[Referring expression grounding data]
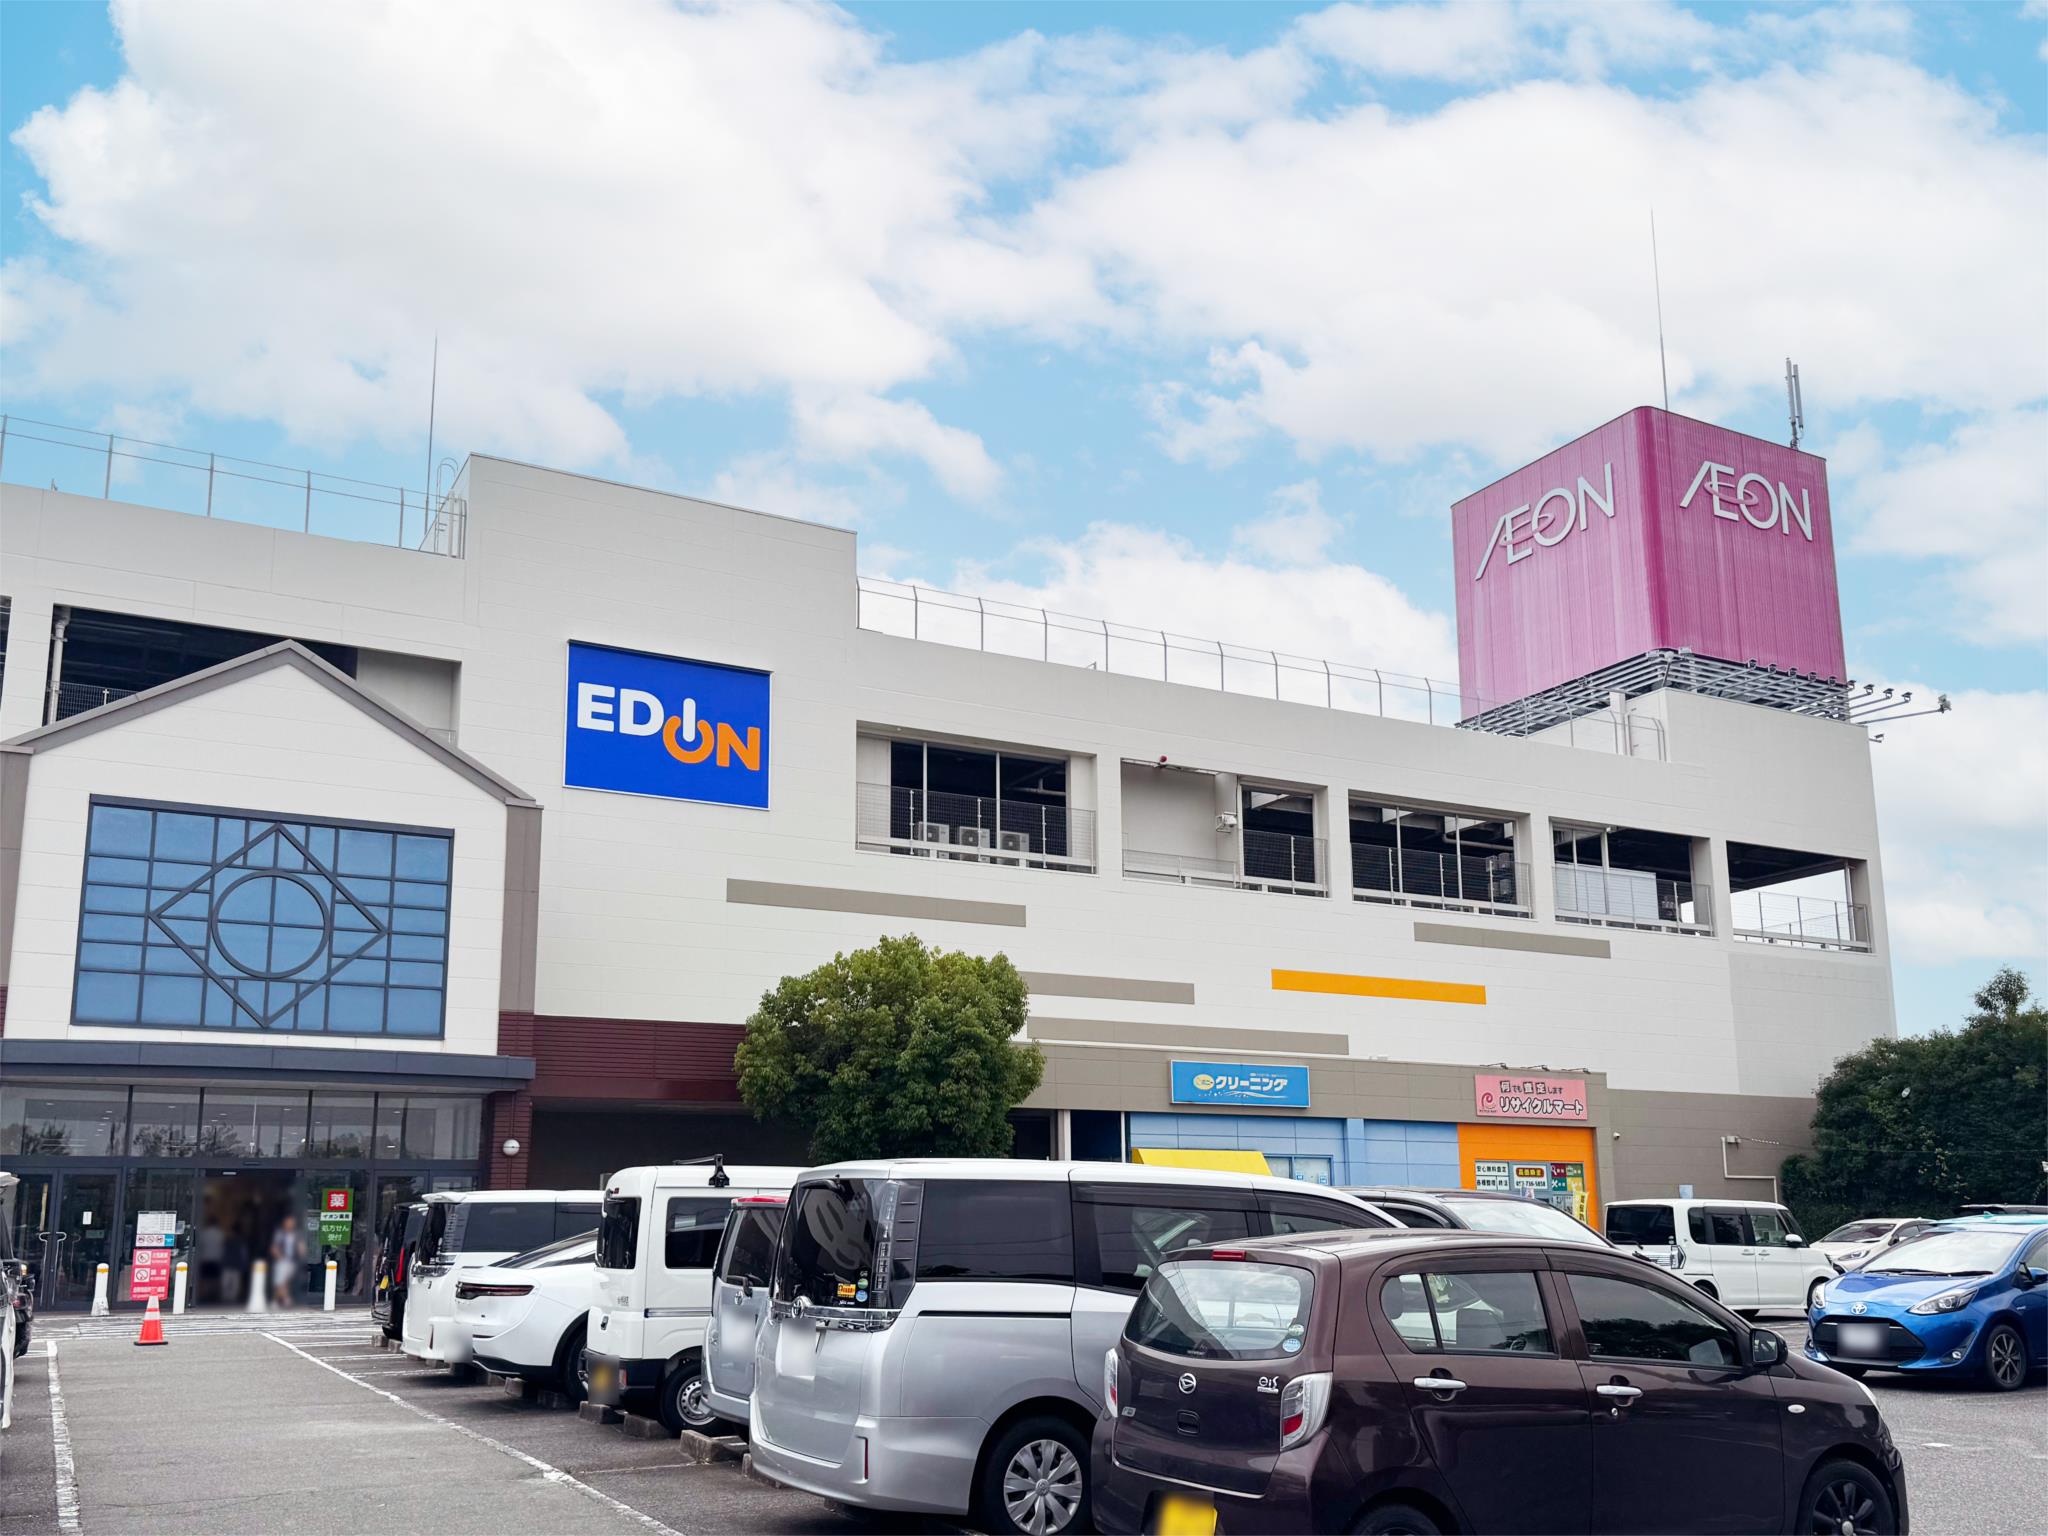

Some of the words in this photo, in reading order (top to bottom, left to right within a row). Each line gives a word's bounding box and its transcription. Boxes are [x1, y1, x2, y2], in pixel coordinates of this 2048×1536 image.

[577, 682, 761, 771] EDION
[1215, 1075, 1288, 1092] クリーニング
[1499, 1096, 1583, 1116] リサイクルマート
[330, 1193, 345, 1207] 薬
[321, 1224, 349, 1233] 処方せん
[327, 1233, 343, 1241] 受付
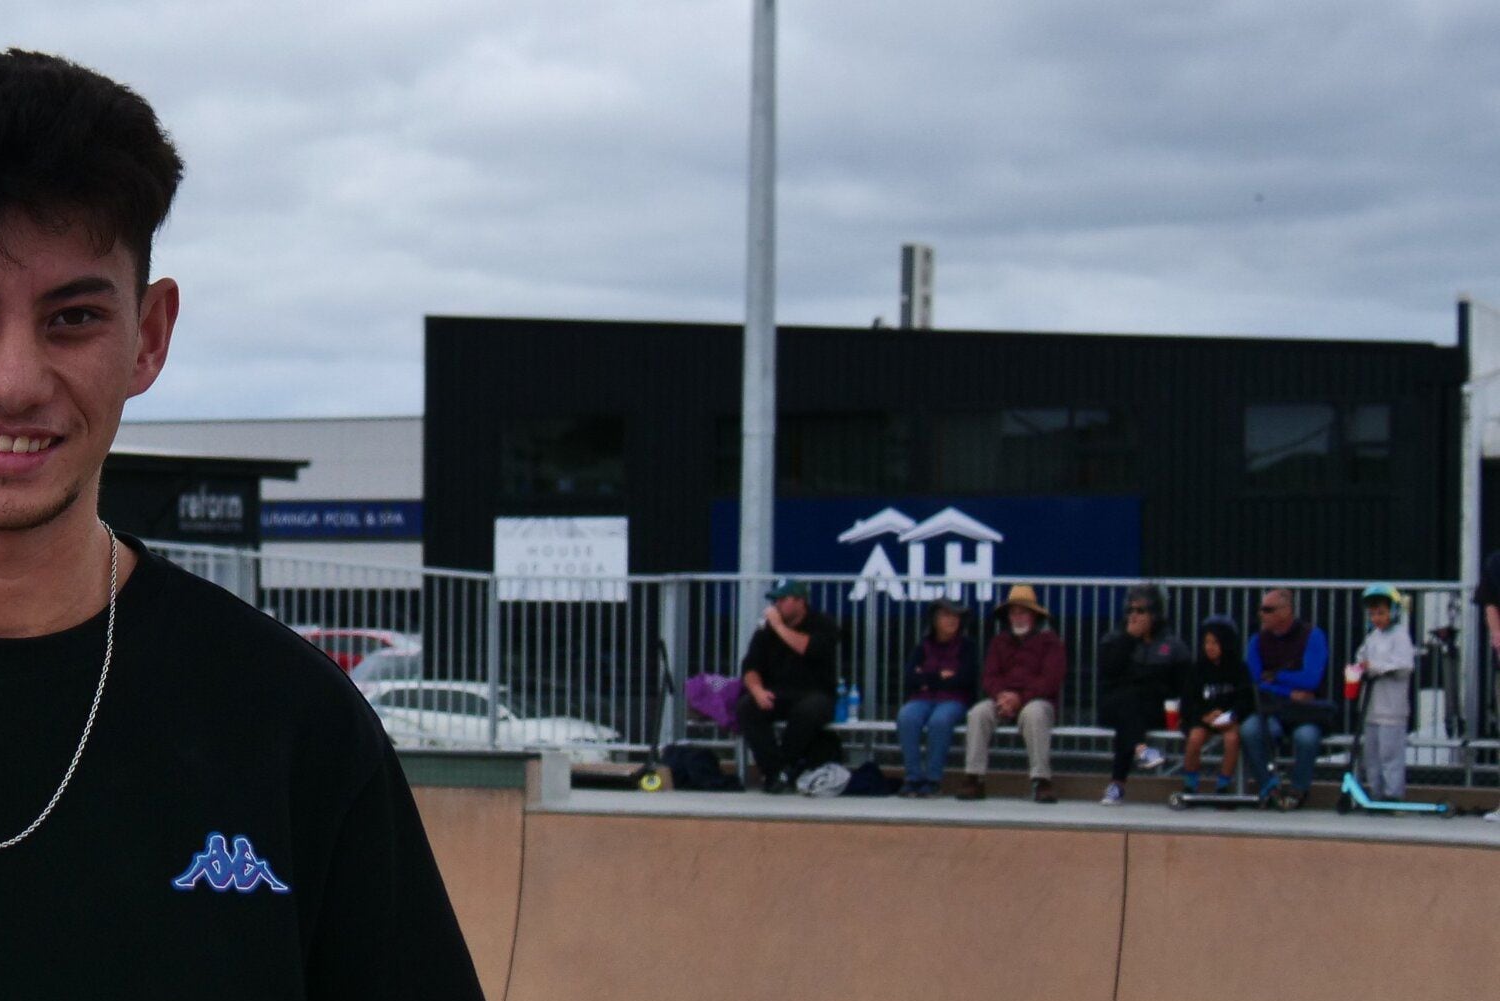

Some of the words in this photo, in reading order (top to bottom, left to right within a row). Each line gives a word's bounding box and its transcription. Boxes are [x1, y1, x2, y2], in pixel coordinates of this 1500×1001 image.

[323, 511, 360, 528] POOL
[365, 513, 376, 526] &
[379, 512, 404, 528] SPA
[526, 545, 594, 557] HOUSE
[553, 562, 605, 575] YOGA
[848, 542, 993, 602] ALH

What the exercise asks =>
The answer should be the records above, unchanged, with the pictures omitted.

Your response =>
Some of the words in this photo, in reading order (top to bottom, left to right within a row). Each line gives a word's bounding box and its transcription. Boxes are [x1, y1, x2, y2], in pixel coordinates of this 2048×1536 image.

[577, 682, 761, 771] EDION
[1215, 1075, 1288, 1092] クリーニング
[1499, 1096, 1583, 1116] リサイクルマート
[330, 1193, 345, 1207] 薬
[321, 1224, 349, 1233] 処方せん
[327, 1233, 343, 1241] 受付

Some of the words in this photo, in reading order (top to bottom, left to right within a row). Each line gives a word's bounding box and its transcription. Boxes are [x1, y1, x2, y2], in pixel coordinates of this 1500×1001 image.

[323, 511, 360, 528] POOL
[365, 513, 376, 526] &
[379, 512, 404, 528] SPA
[526, 545, 594, 557] HOUSE
[553, 562, 605, 575] YOGA
[848, 542, 993, 602] ALH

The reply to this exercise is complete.